Records excerpted from a collection:
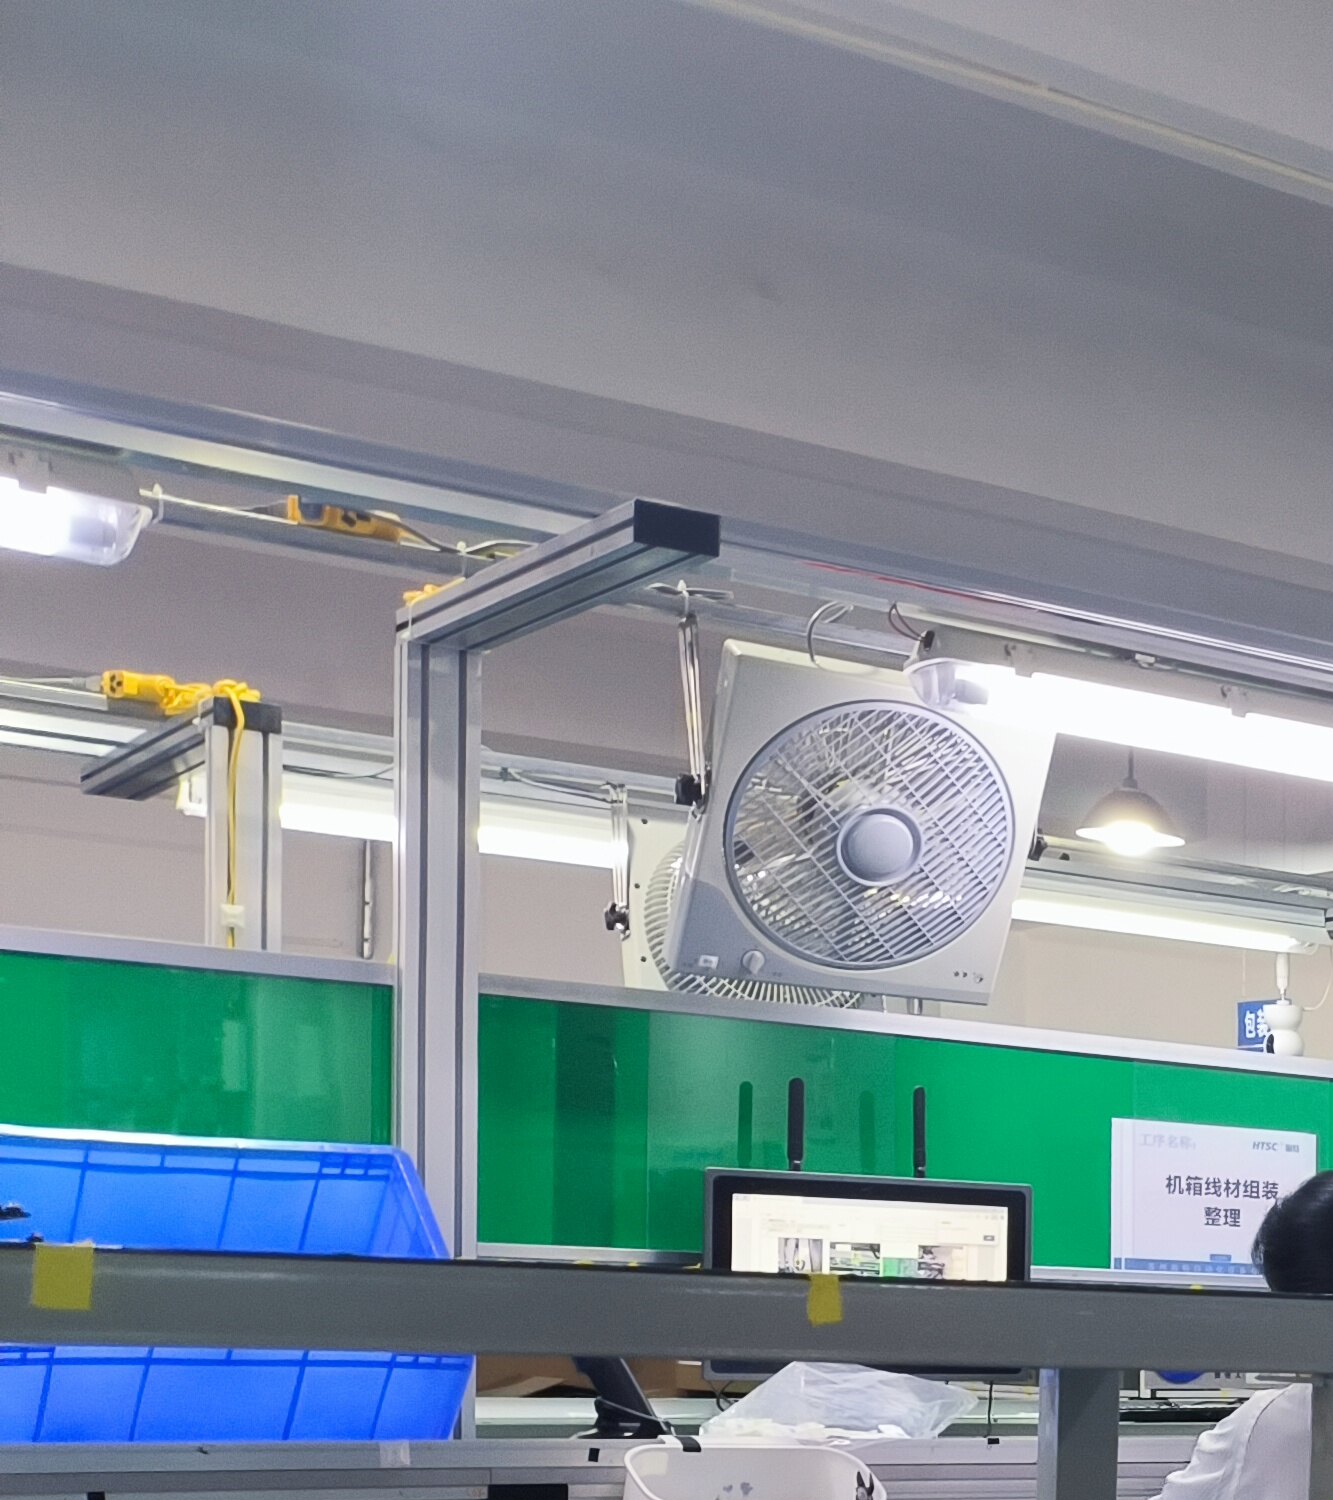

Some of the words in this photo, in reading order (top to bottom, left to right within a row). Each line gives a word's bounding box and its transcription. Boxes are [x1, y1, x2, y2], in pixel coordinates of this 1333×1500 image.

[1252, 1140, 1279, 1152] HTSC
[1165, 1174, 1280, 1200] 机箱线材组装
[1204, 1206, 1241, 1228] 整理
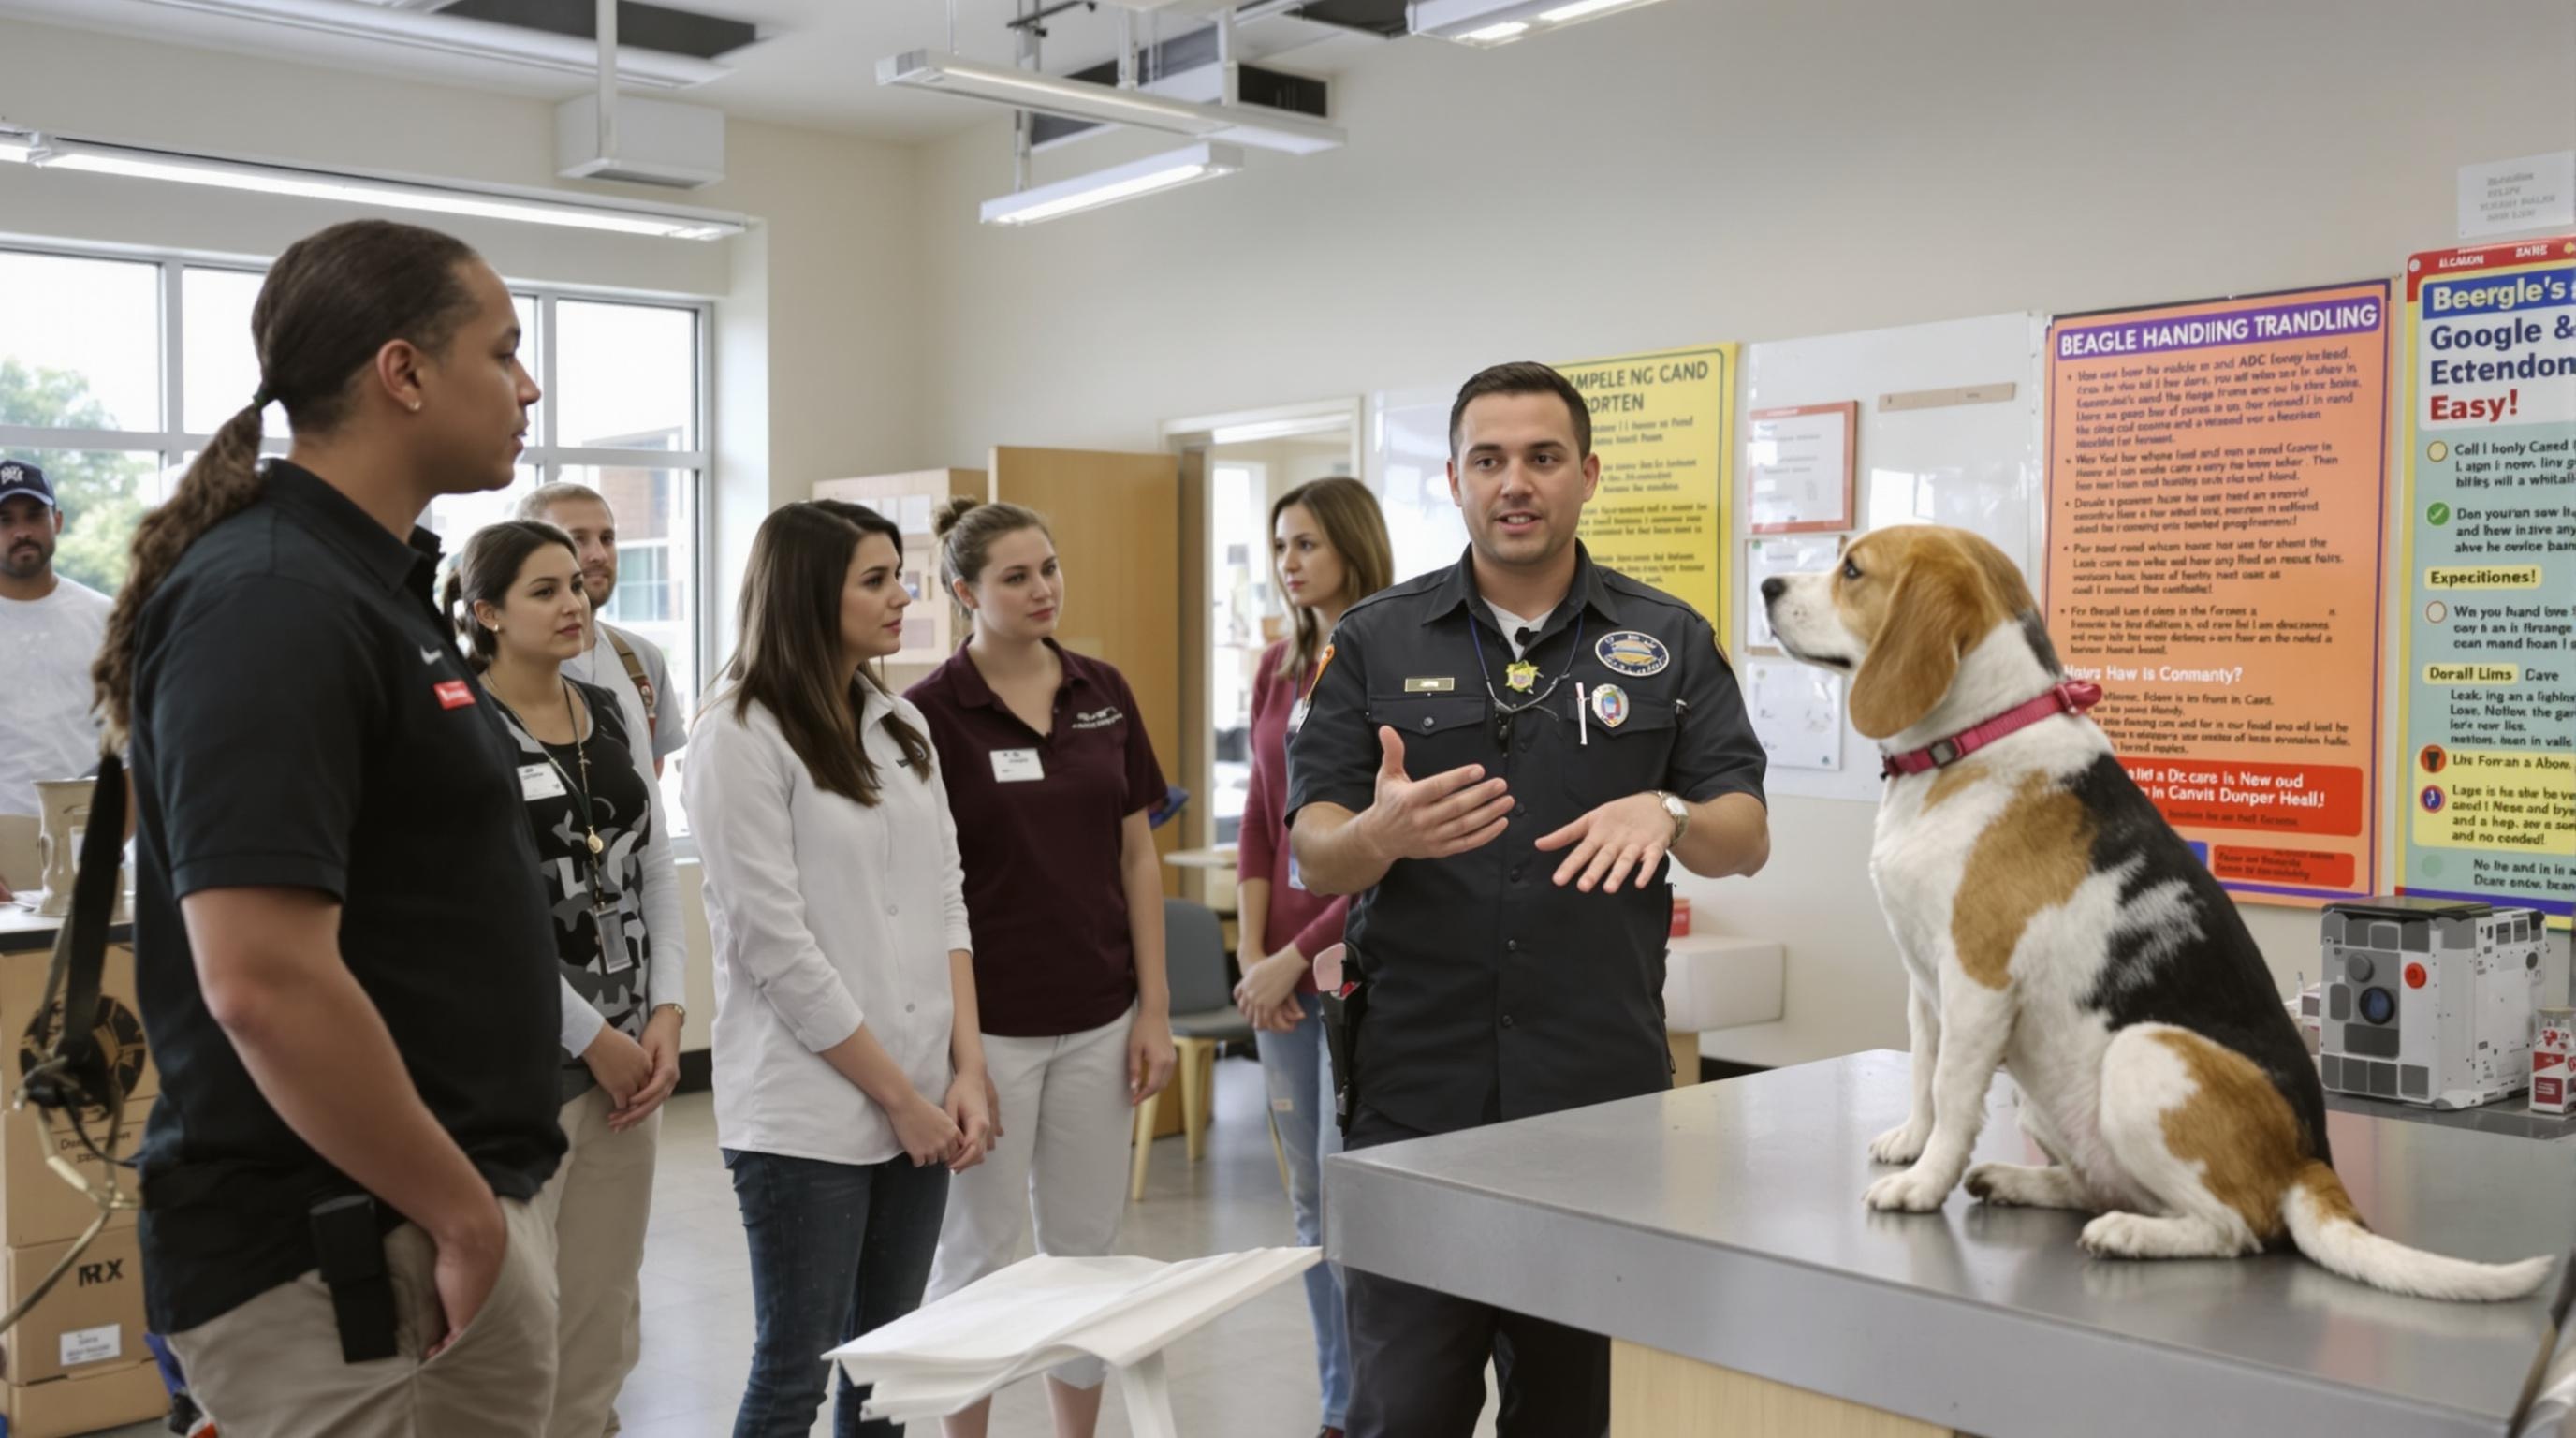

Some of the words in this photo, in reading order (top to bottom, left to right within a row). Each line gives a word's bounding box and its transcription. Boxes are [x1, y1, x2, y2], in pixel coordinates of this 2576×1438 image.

Problem statement: Where the data contains images, drop them and print the rest exactly.

Completed exercise:
Some of the words in this photo, in reading order (top to bottom, left to right within a row). Each line gives a word's bounding box and its transcription. Boxes are [x1, y1, x2, y2], in pixel coordinates of this 1333×1500 image.

[1252, 1140, 1279, 1152] HTSC
[1165, 1174, 1280, 1200] 机箱线材组装
[1204, 1206, 1241, 1228] 整理

Some of the words in this photo, in reading order (top to bottom, left to right within a row). Each line gives a word's bounding box and its transcription. Boxes are [x1, y1, x2, y2], in pixel coordinates of this 2576×1438 image.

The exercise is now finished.